DESCRIPTION OF THE TASK —
Could you repeat all of the entries below word for word, apart from the pictures?

RECORDS SHOWN —
--- START ---
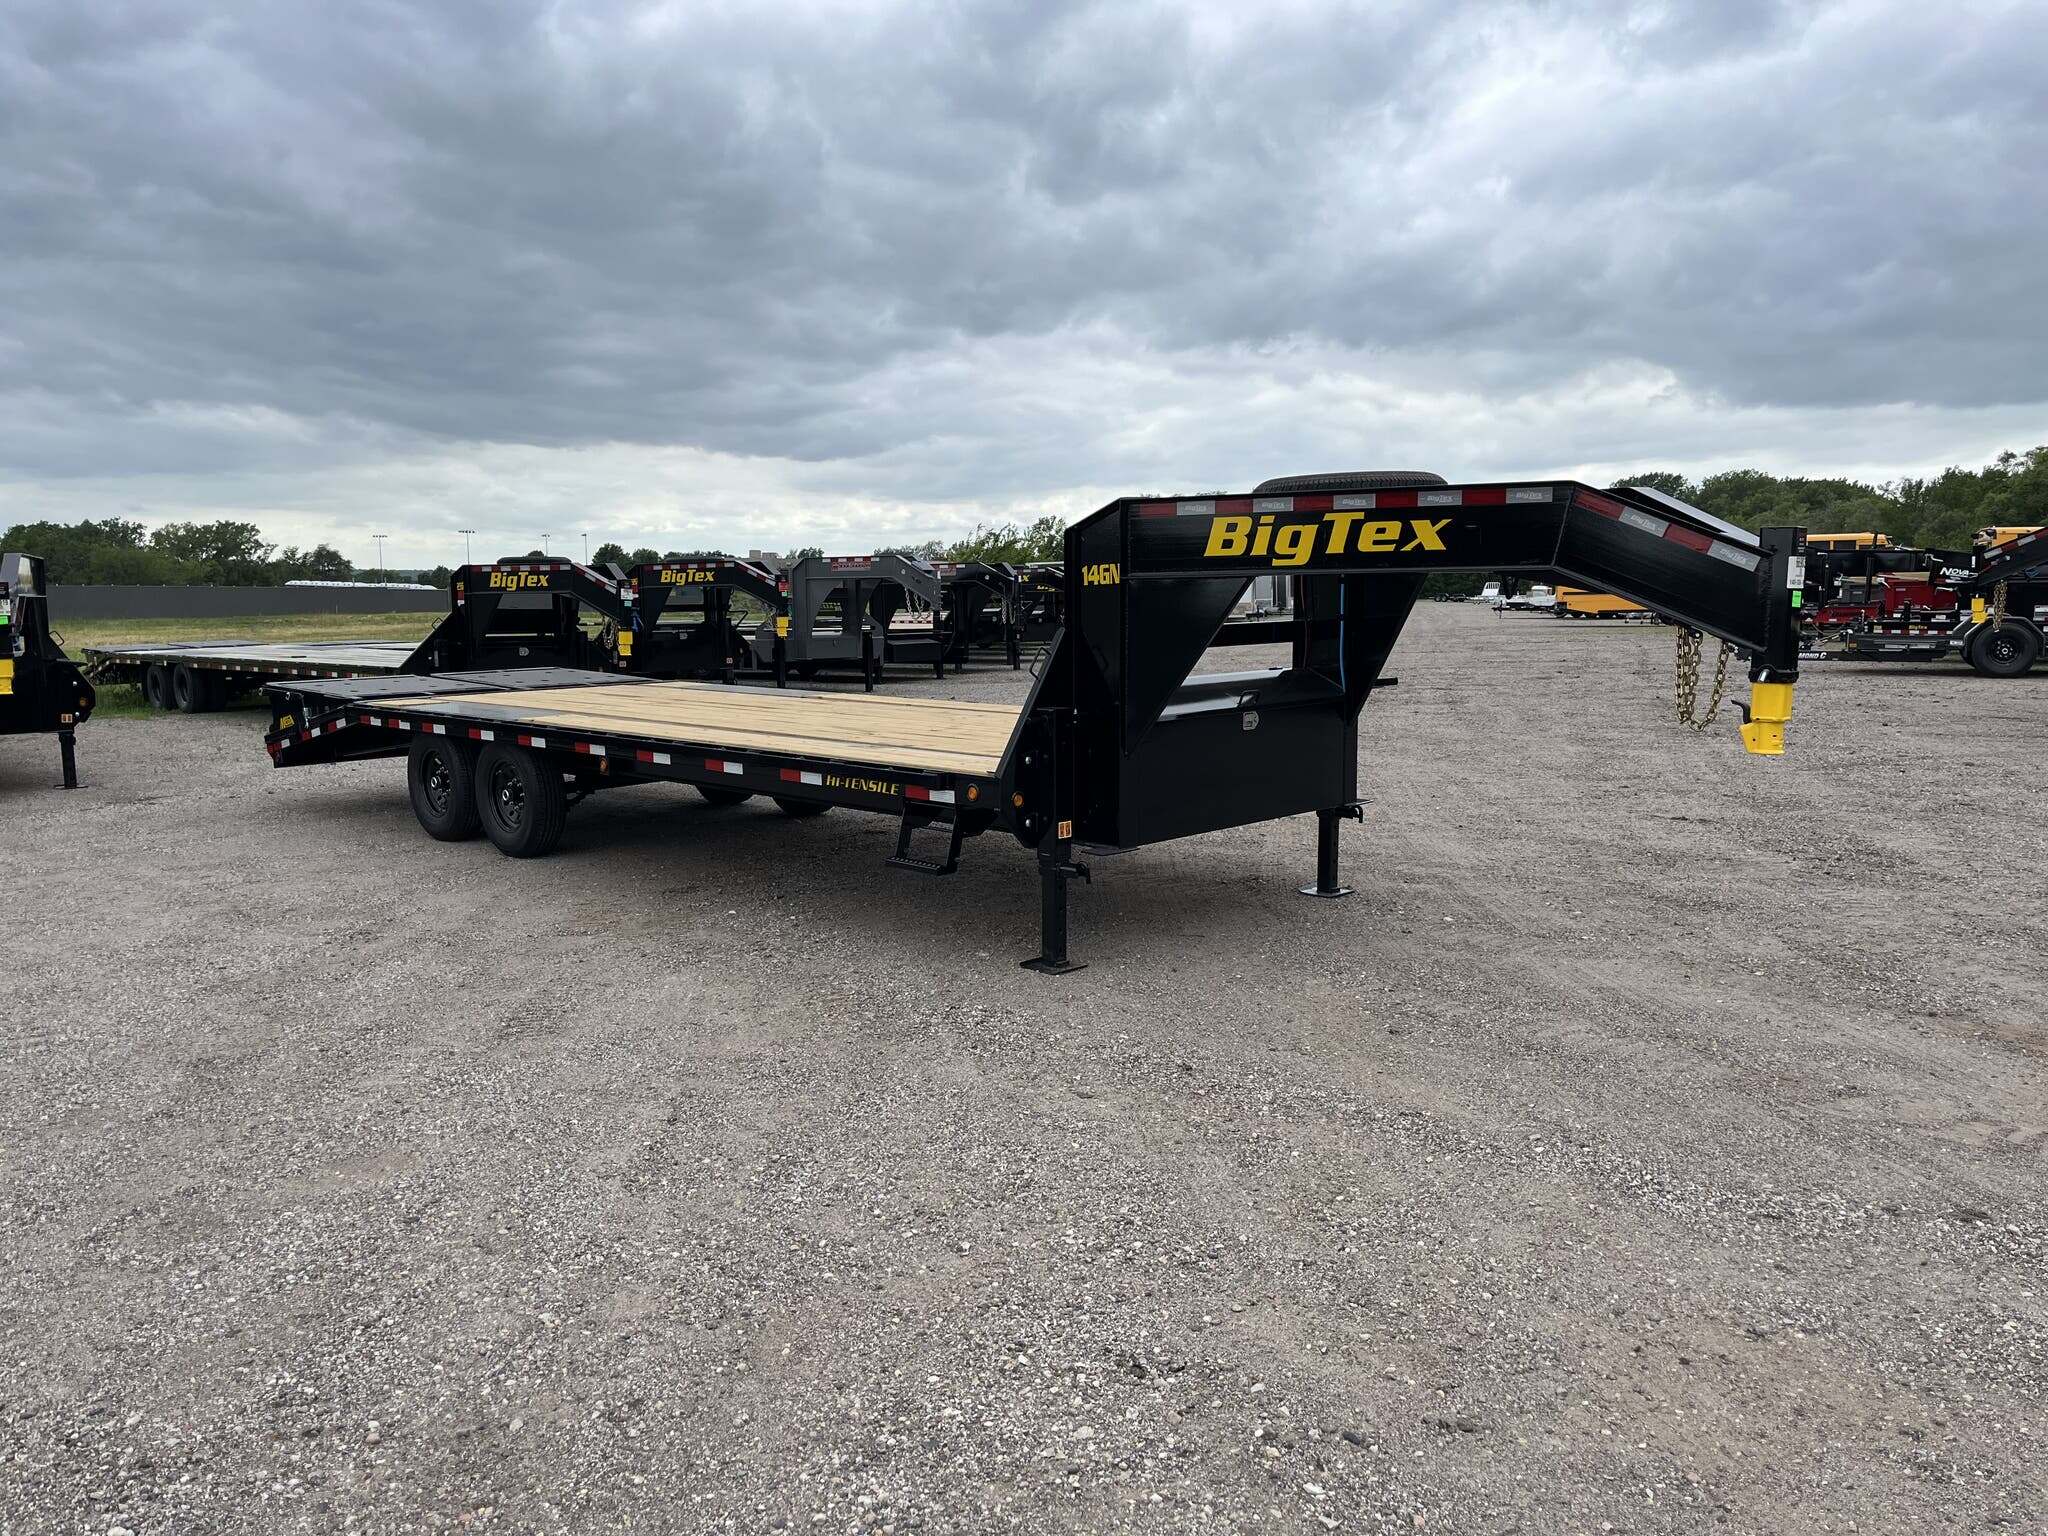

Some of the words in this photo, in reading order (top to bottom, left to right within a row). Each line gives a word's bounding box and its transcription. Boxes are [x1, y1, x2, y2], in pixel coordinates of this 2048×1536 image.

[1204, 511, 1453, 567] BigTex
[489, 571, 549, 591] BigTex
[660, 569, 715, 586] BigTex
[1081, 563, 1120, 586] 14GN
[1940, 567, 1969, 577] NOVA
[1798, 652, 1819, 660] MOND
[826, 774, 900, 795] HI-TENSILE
--- END ---
EXERCISE RESULT —
Some of the words in this photo, in reading order (top to bottom, left to right within a row). Each line gives a word's bounding box and its transcription. Boxes are [x1, y1, x2, y2], in pixel coordinates of this 2048×1536 image.

[1204, 511, 1453, 567] BigTex
[489, 571, 549, 591] BigTex
[660, 569, 715, 586] BigTex
[1081, 563, 1120, 586] 14GN
[1940, 567, 1969, 577] NOVA
[1798, 652, 1819, 660] MOND
[826, 774, 900, 795] HI-TENSILE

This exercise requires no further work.